The continued importance of single-sex education

Printed from: https://newbostonpost.com/2016/02/15/the-continued-importance-of-single-sex-education/

The recent near-closure of Sweet Briar, an all-women’s college in Virginia, has rekindled the debate over the continuing relevance of single-sex education.

Single-sex education has a long history, because for millennia many institutions of higher learning refused to admit women; Plato’s Academy in fifth-century Greece was all-male (ok, two women were allowed to study there), and so was Dartmouth, my alma mater, until 1972.

But now that previously all-male colleges and universities have opened their doors to women, do single-sex colleges still make sense?

What can an all-women’s college offer to a young woman in an increasingly competitive, increasingly expensive higher education marketplace?

These are the central questions in this on-going debate, a debate that often fails to take seriously (perhaps subconsciously) the personal testimonies and perspectives of any real women who currently attend, or attended, these schools.

But personal testimonials from women who attended all-women’s colleges abound, and are often not only positive, but downright glowing.

Critics of women’s colleges often claim that life is co-ed and women’s colleges are sheltered places that do not help prepare women for the co-ed “real world.” But the notion that any college reflects “real life” is a red herring. As Barnard graduate Abbey Stone writes in Bustle, “When, in real life, do you attend Anything But Clothes mixers and have access to 24-hour dining halls in which your parents pay for your second helpings of frozen yogurt?”

In my experience, college was nothing like “the real world” or “real life” (whatever those are), and isn’t intended to be.
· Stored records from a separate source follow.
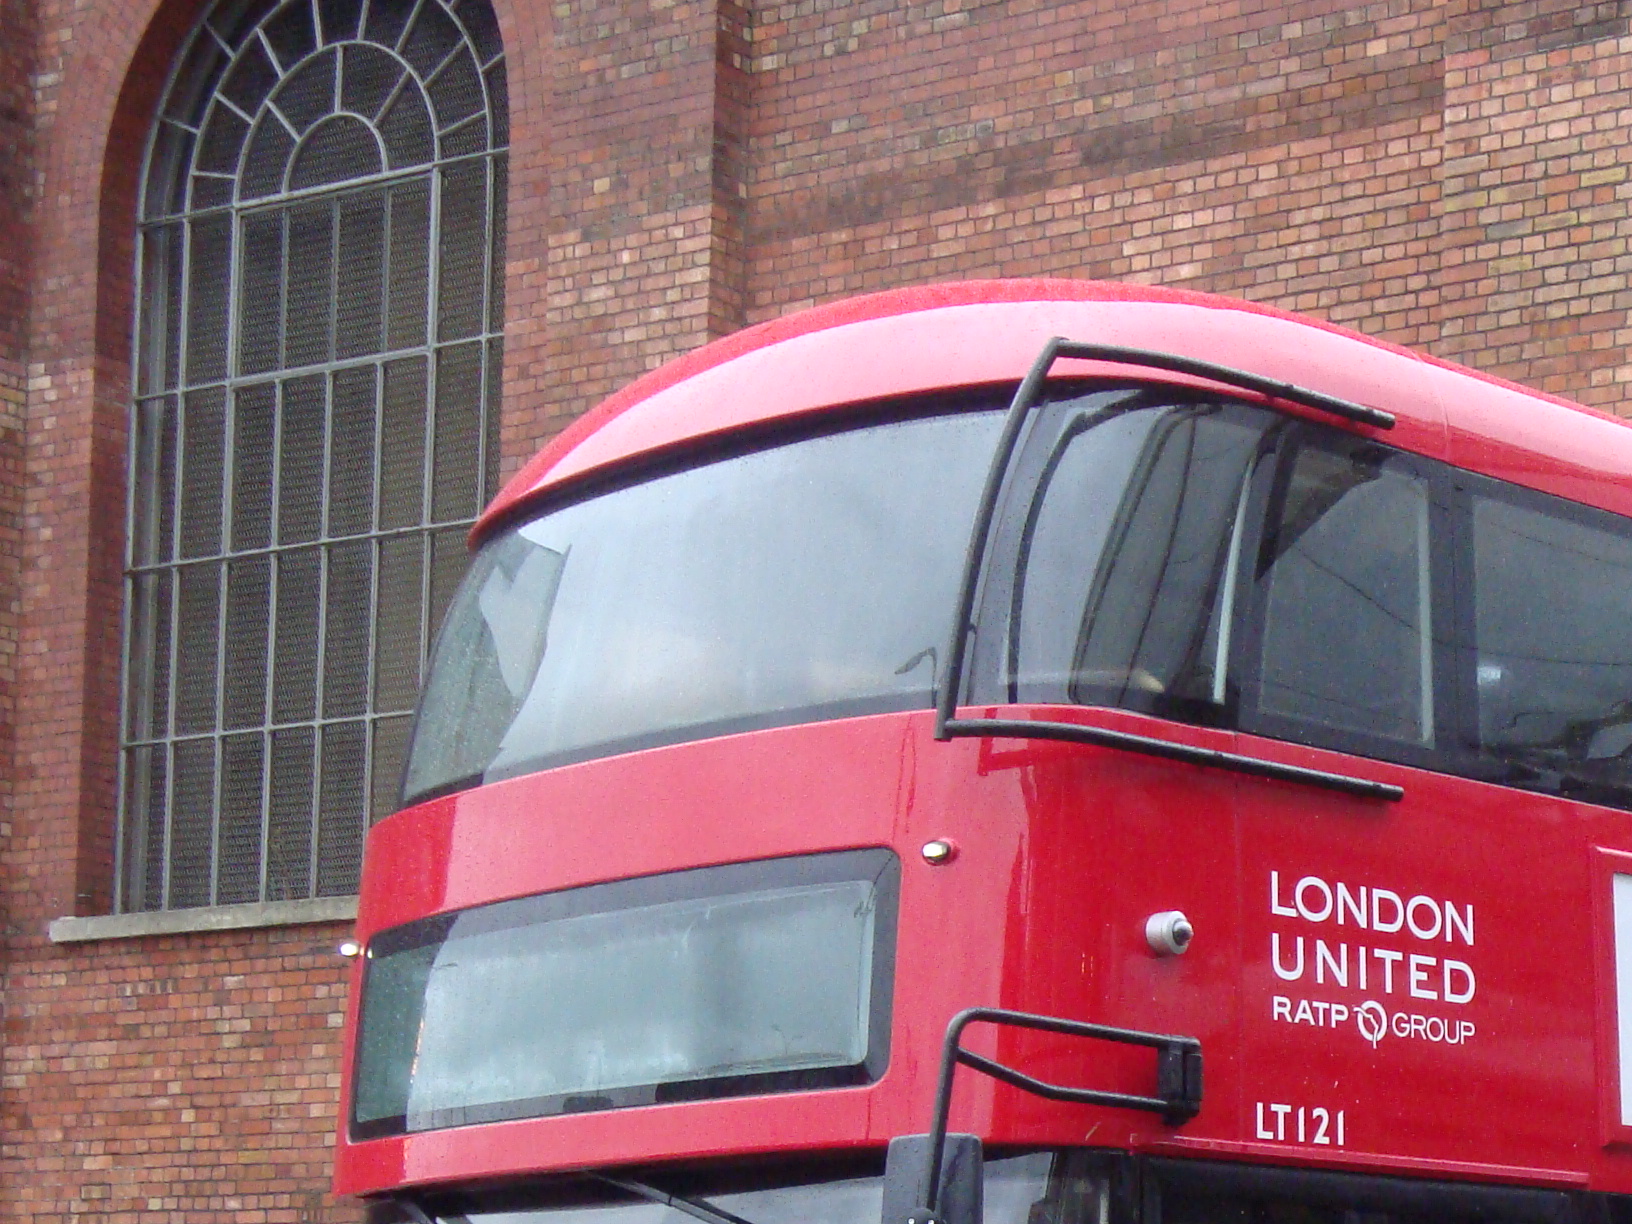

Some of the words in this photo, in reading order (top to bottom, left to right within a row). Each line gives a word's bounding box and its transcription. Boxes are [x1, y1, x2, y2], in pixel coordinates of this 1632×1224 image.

[1271, 870, 1475, 947] LONDON
[1271, 932, 1477, 1005] UNITED
[1273, 995, 1349, 1029] RATP
[1392, 1012, 1476, 1046] GROUP
[1256, 1102, 1347, 1146] LT121
Ideally, college is supposed to be a place for learning, growth and exploration, free from the many mundane and petty cares that dominate the “real life” I’ve been living since graduation.
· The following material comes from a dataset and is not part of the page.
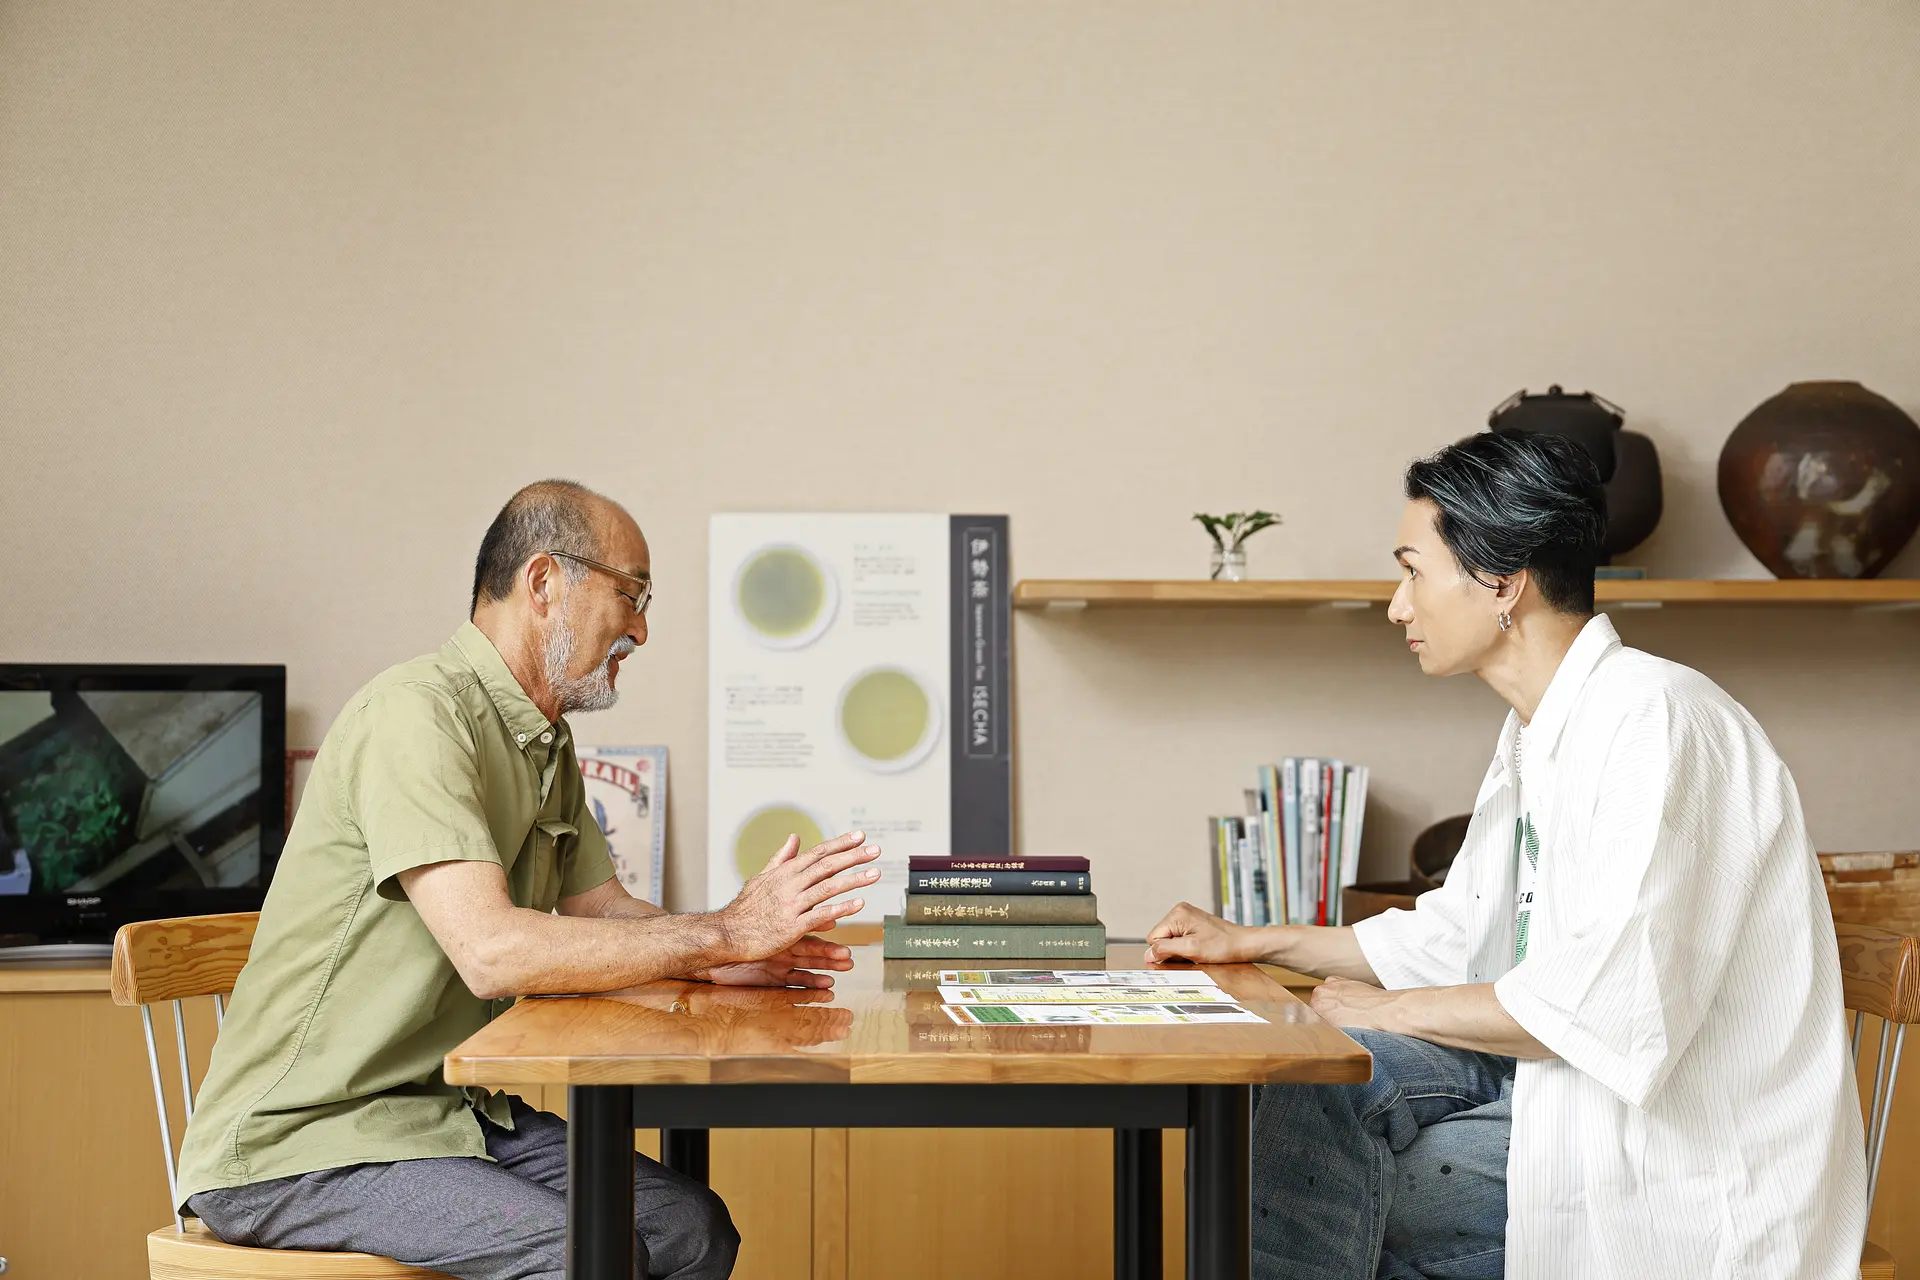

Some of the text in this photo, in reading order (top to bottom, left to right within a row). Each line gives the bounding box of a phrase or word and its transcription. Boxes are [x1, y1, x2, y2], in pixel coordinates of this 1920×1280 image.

[972, 685, 989, 747] ISECHA
[919, 877, 992, 888] 日本茶業発達史
[66, 897, 102, 906] SHARP
[923, 903, 1009, 919] 日本茶輸出百年史
Other critics argue against single-sex schools on the ground that they perpetuate the idea that there are difference between the genders. But, of course, there are differences between the sexes — obviously the physical differences, but more significantly in this debate, a centuries-old history of indoctrinating men and women with different gender roles.

A single-sex education does not exacerbate stereotypical differences so much as it allows women the opportunity to be free of societal perceptions based on sex and gender and study traditionally male-dominated subjects, such as math and engineering.

A third, and perhaps most common, critique of women’s colleges is that women’s colleges are no longer necessary given the great strides women have made in recent decades.

But while women today attend college in higher numbers than men — and typically perform better and graduate at higher rates — academic success has  not fully translated to professional success, where male CEOs named John still outnumber female CEOs (yes, this is real), and where there are currently 20 female Senators to 80 men. The percentage is roughly the same in the House, where there are 84 women, or 19.4 percent of all Representatives. Evidently, collegiate success is not translating to “real world” success and leadership at the same rates for women as it does for men.

Women’s colleges typically have higher percentages of female professors than the national average, offering students female role models and mentorship from professors. What’s more, every student leadership role at a women’s school is occupied by a women.

Seeing female peers act a leaders (and having a roughly 50 percent better shot of holding a leadership position oneself) gives women leadership opportunities they may not get at a co-ed college, sending a very clear message that women are capable of holding leadership roles. Coupled with a strong alumnae network and female mentorship, women’s colleges may be just what’s needed to close the leadership gap.

And there does seem to be some evidence that women who attend single-sex colleges attain leadership positions at a higher level than women in general; 20 percent of the women in Congress graduated from a women’s college, as did 30 percent of Businessweek’s list of up-and-coming corporate women in America. Considering that only 2 percent of American female college grads attended a women’s school, something special must be happening at these schools. And evidence of just what that “something special” is can be seen in denouement of Sweet Briar’s story.

When Sweet Briar announced its closure in March of 2015, alumnae rallied together to raise over $12 million to save their school, establishing the nonprofit Saving Sweet Briar. This January, the school announced it was receiving the highest number of applicants in 50 years. Taken together, these facts tell a story about the value of women’s schools and the role they will play in the future.

As colleges seek out students as consumers, and potential students regard college marketing campaigns with a wary eye, Sweet Briar is making a case not only for a truly liberal arts experience, but also demonstrating to an already-jaded youth that there are still schools that can elicit this kind of devotion among its alumnae, schools where they can be treated as human beings and students, not as customers.

And this may just be the niche women’s schools find for themselves in the future. They may be the schools that stand up for the value of the liberal arts, who offer impressive financial aid packages. They may be the schools that make a deeply intellectual collegiate experience available to diverse groups of women and continue to provide leadership experiences for young women. And perhaps most significantly, they may be the schools that offer a powerful alumnae network and provide opportunities for mentorship that are so necessary — and so hard to find — for women in the “real world.”

Lizzie Short is a Classics and history scholar, theater lover and writer from the Boston area.